Chicago Entrepreneur hub (Technical Incubator) - 1871

Illinois Junior Sciences Academy of Science:

Beacon news covered my Cyberbullying tests for School project (This project was the inspiration for Google Science Fair project).

Money Smart week:

My blog that I maintain in summer months only for the past few years


This project, like any other great science project,  was the result of support of many invaluable people. I’d like to thank and acknowledge their contribution to my project here.

Firstly, I’d like to thank Mrs. Kimberly Krupicka, my 8th grade science teacher, for mentoring me as a teacher through an earlier science fair project on cyber-bullying, that inspired me to pursue this project. Her support has been a great help.

I’d also like to acknowledge and thank Ms. Elizabeth Kaleta and Mrs. Ann Ketcherside for allowing me to test their 6th graders during the first 20-30 minutes of the school day for almost 3 weeks in late March to early April. They helped to contribute almost 60-70 of the test subjects in this project (300-350 trials). Their support of my project helped my Results to grow in both size and validity, and I owe that to them.

On that note, I’d also like to thank Thomas. G. Scullen Middle School’s administrators, faculty and staff, for supporting me through this project in many ways. Mr. Marcus Fredericks and Ms. Jessica Bogie allowing me to take time out of the advisory period to test other classrooms in our school and in the lunchroom. I thank them for believing in me and my project work.
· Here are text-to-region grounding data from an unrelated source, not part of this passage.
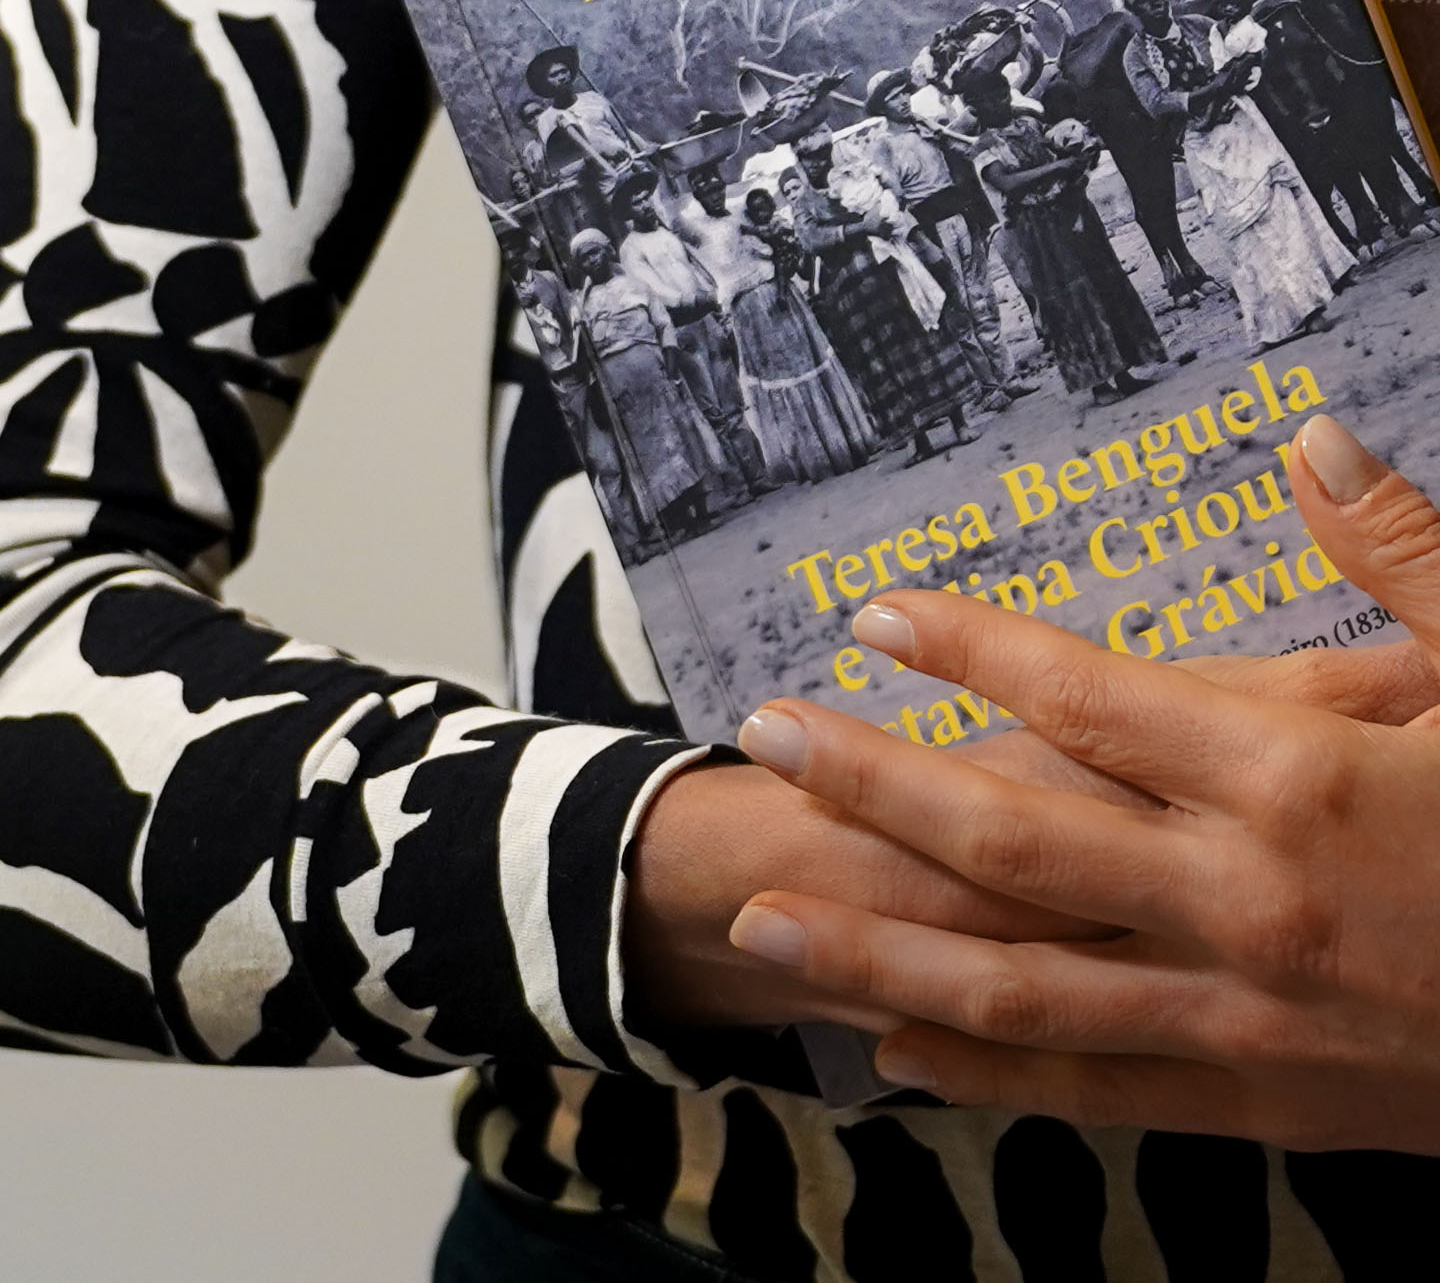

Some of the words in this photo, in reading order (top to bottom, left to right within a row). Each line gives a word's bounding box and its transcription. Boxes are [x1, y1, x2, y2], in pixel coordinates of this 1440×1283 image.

[786, 502, 998, 614] Teresa
[998, 359, 1328, 528] Benguela
[833, 646, 871, 691] e
[1088, 442, 1296, 579] Criou
[1107, 529, 1345, 660] Grávid
I’d also like to mention that a lot of my testing for adolescents from the ages of 14-18 was conducted at the local library-the Naperville Public Library. I would like to acknowledge and thank them as a great facility and applaud their support in allowing me to test subjects at their library. And to the subjects- I’d like to thank them for taking a few minutes out of their day to participate in these anonymous tests.  It’s people like them who help to grow science and research on important issues like cyber-bullying around the world, for they didn’t just contribute  to a science project, but to a growing scientific community.
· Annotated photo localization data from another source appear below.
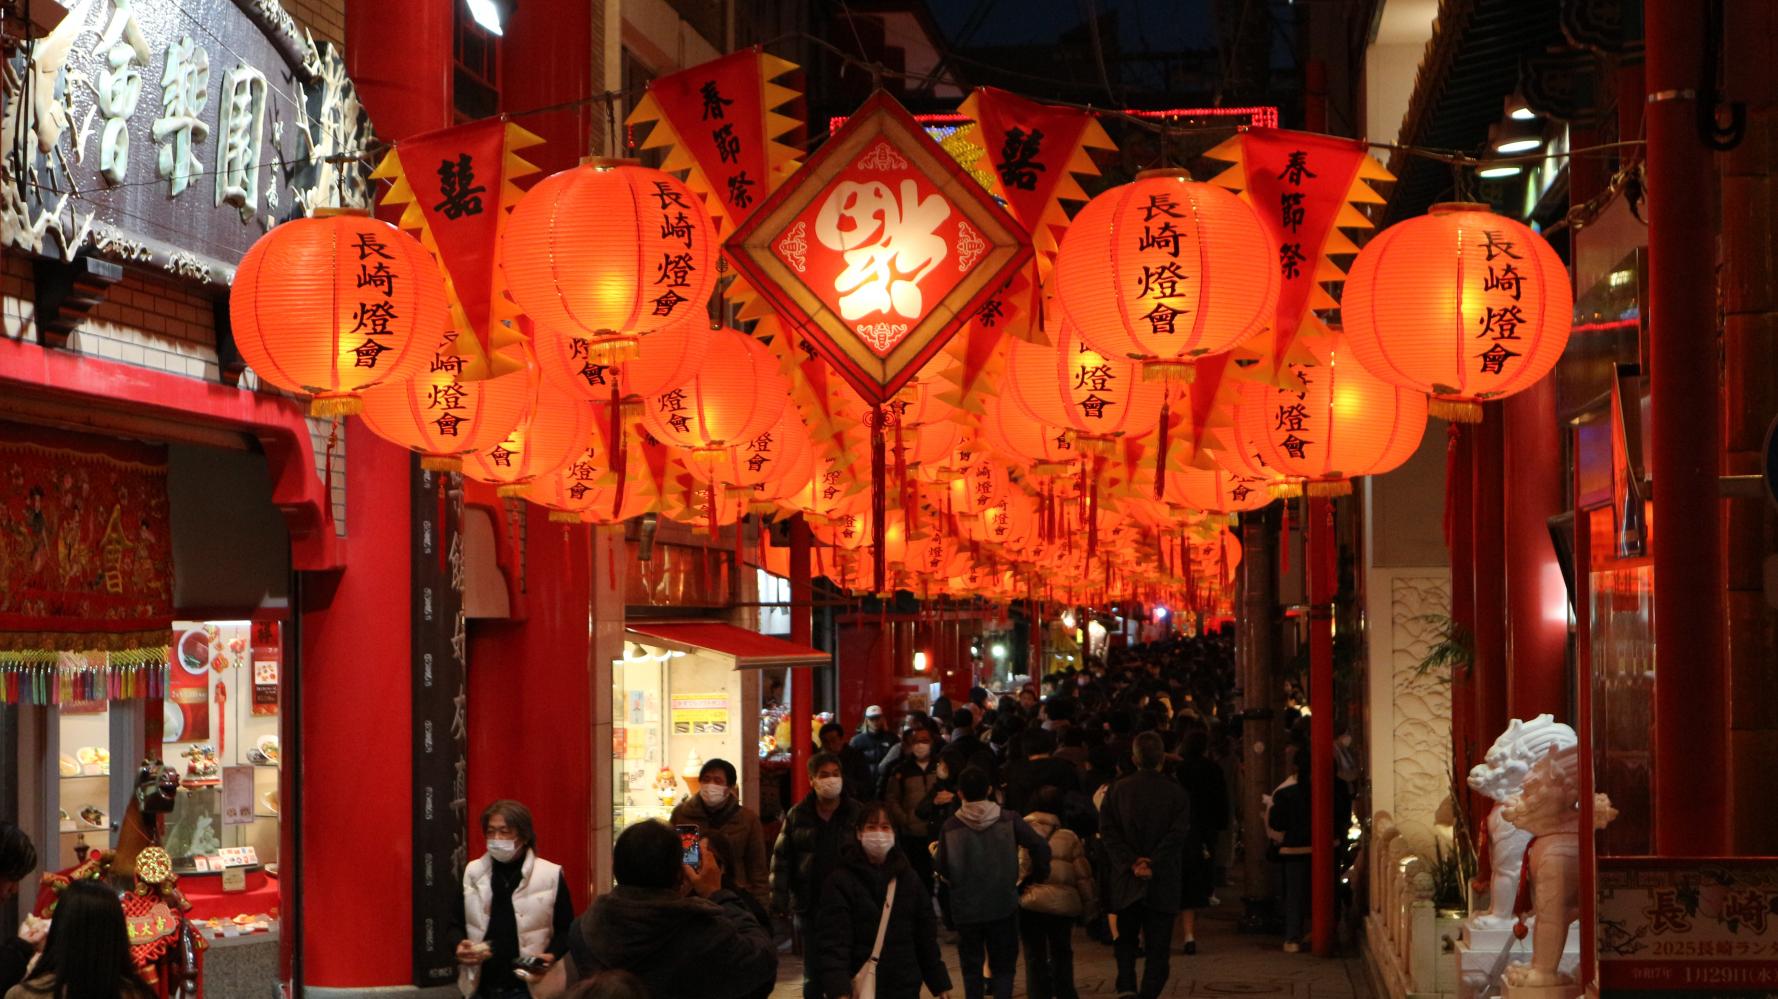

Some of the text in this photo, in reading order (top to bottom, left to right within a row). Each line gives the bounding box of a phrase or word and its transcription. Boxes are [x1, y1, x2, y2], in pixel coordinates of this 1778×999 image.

[699, 80, 755, 208] 春節祭
[648, 180, 697, 318] 長崎燈會
[1278, 150, 1317, 280] 春節祭
[349, 232, 400, 369] 長崎燈會
[1137, 193, 1190, 335] 長崎燈會
[1476, 229, 1529, 375] 長崎燈會
[657, 388, 694, 433] 燈會
[1074, 342, 1117, 419] 燈會
[486, 438, 520, 468] 會
[568, 448, 598, 500] 燈會
[822, 457, 841, 500] 燈會
[976, 461, 993, 506] 崎燈會
[1647, 889, 1769, 934] 長崎
I would also like to take a moment to acknowledge and thank those that mentored me through my anti-bullying product prototype. As part of being an innovative and enterprising 13 year-old, from a young age, I have enjoyed developing product ideas and pitching them to potential investors. The Illinois Mathematics and Science Academy (IMSA -, a gifted college preparatory school for 10-12th graders runs a program called “Talent PowerPitch”, where the students pitch their Product ideas to real investors at 1871(  an entrepreneurial hub in Chicago, for cash prizes. Despite the fact I’m only 13, two of the directors of this program, Carl Heine and Jim Gerry, have allowed me to compete against the high school students for the last 3 years (I did my first PowerPitch when I was 11). This year, I pitched my anti-bullying software product idea as part of the Prelims and at the Finals at 1871 and won 1st place. Thank you Carl and Jim for believing in me all along.
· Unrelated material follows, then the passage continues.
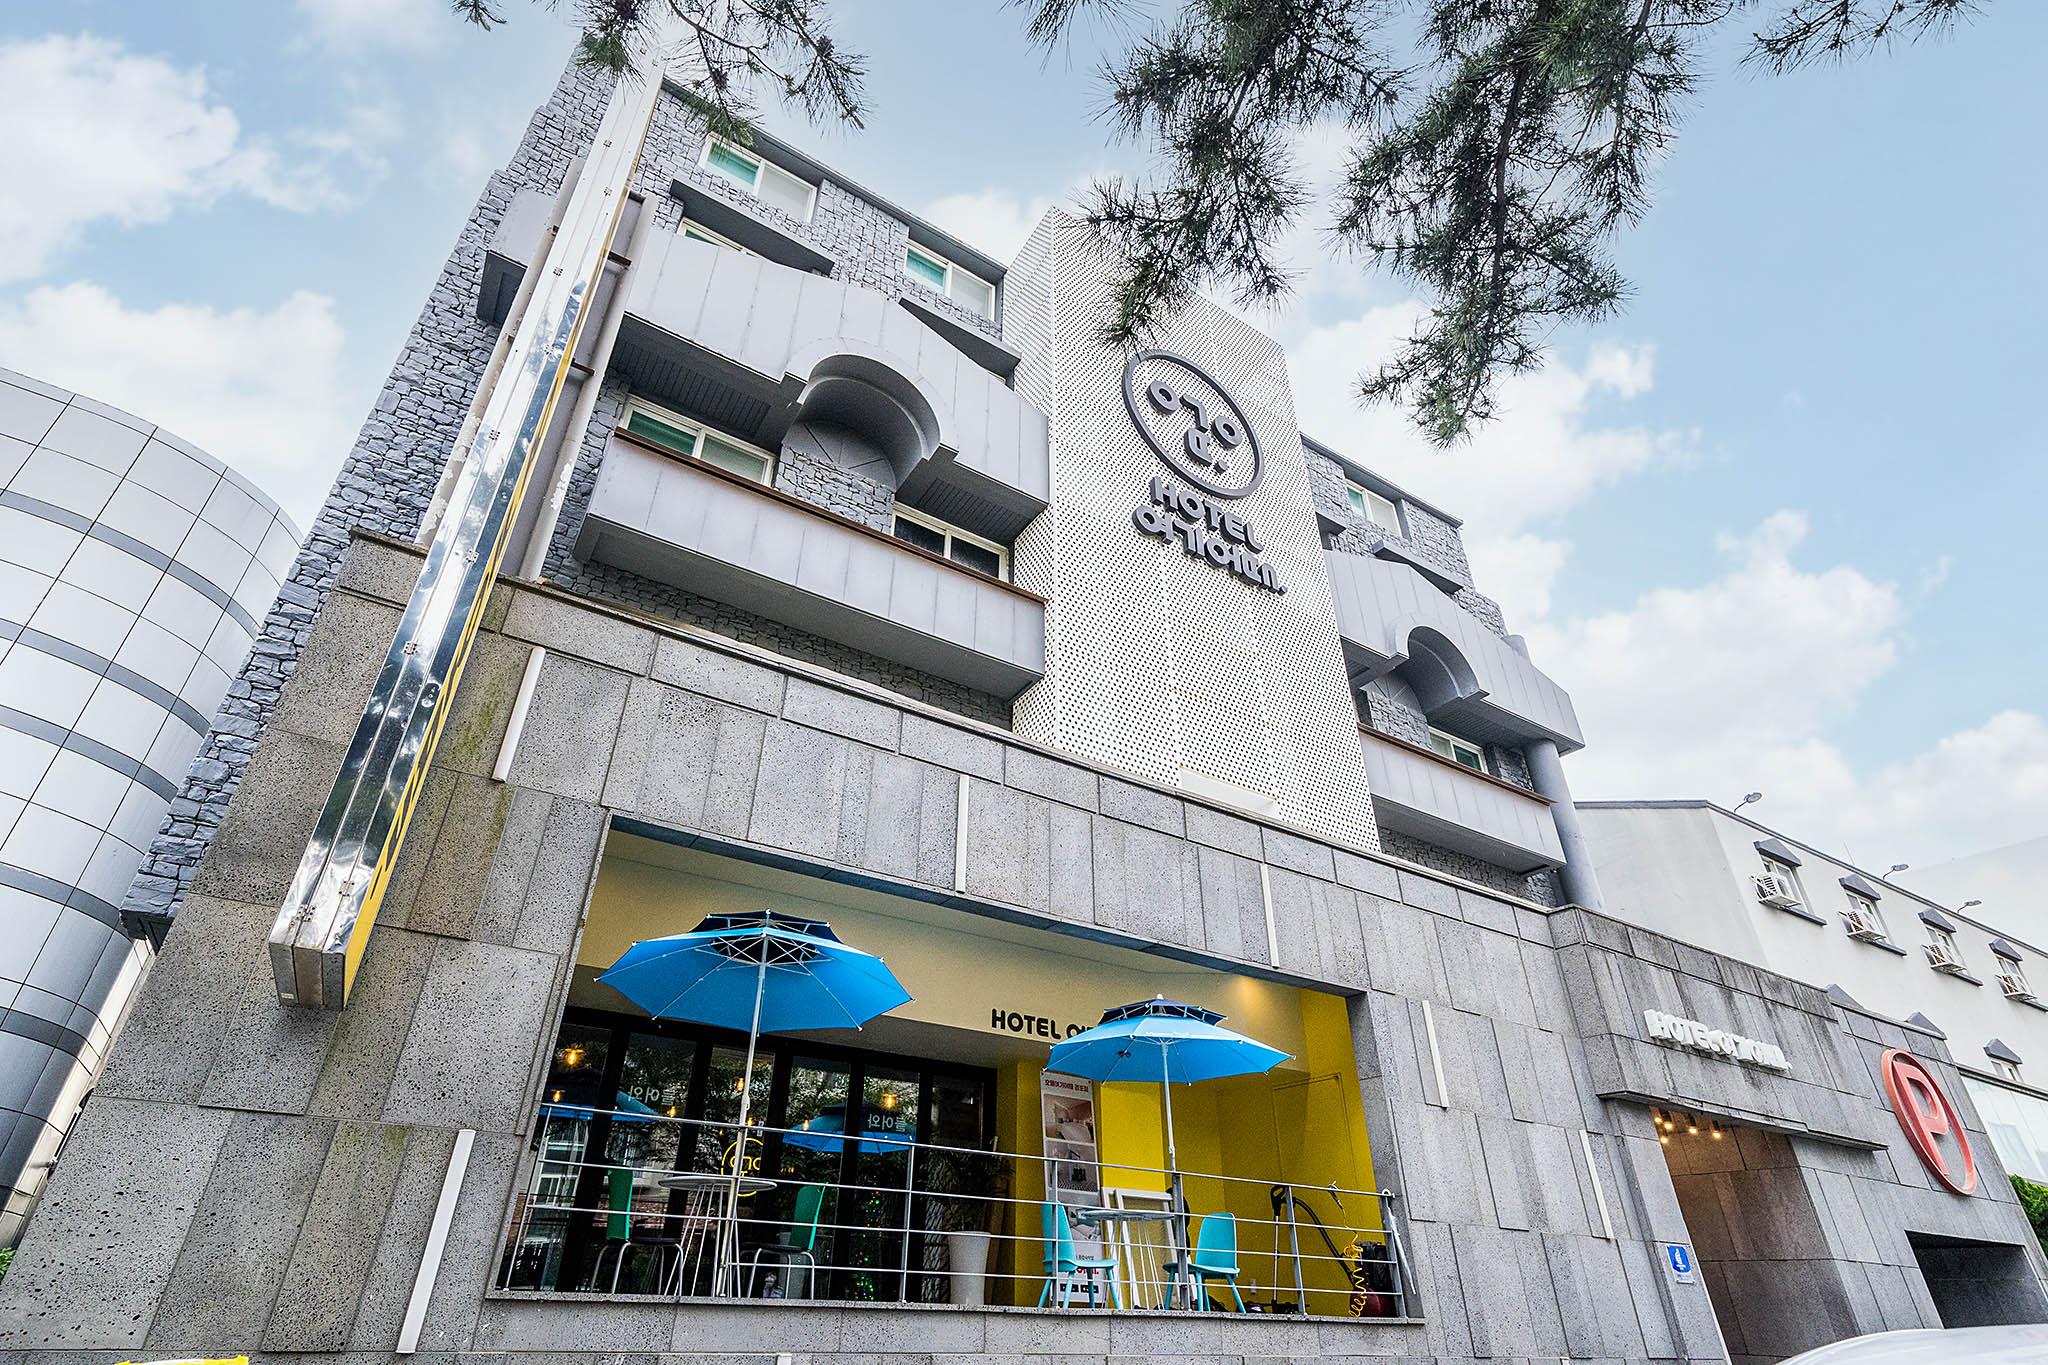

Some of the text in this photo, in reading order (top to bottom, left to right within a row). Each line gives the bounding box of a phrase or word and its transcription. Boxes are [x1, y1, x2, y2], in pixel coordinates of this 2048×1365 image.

Last, but definitely not least, I’d like to thank my amazing parents for supporting me as I worked through this endeavor. My mother helped to review my dashboard work and slides (as I a writer, I tend to be quite verbose) and provided feedback to keep them concise. My father helped mentor me through the technical aspects of building the systems and helped me with setting up Apache rewrite rules for WAMP server. My father also mentored me with technical aspects of  “Rethink” prototype as I started to look into how a potential prototype could work. Beyond that, I’d like to thank them for being the best parents in the world. My grandmother back in India prayed everyday that I achieve what I dream for. Thank you, Grandma, for your love and support. Their constant trust and belief in me and what I can do is the reason I am who I am today.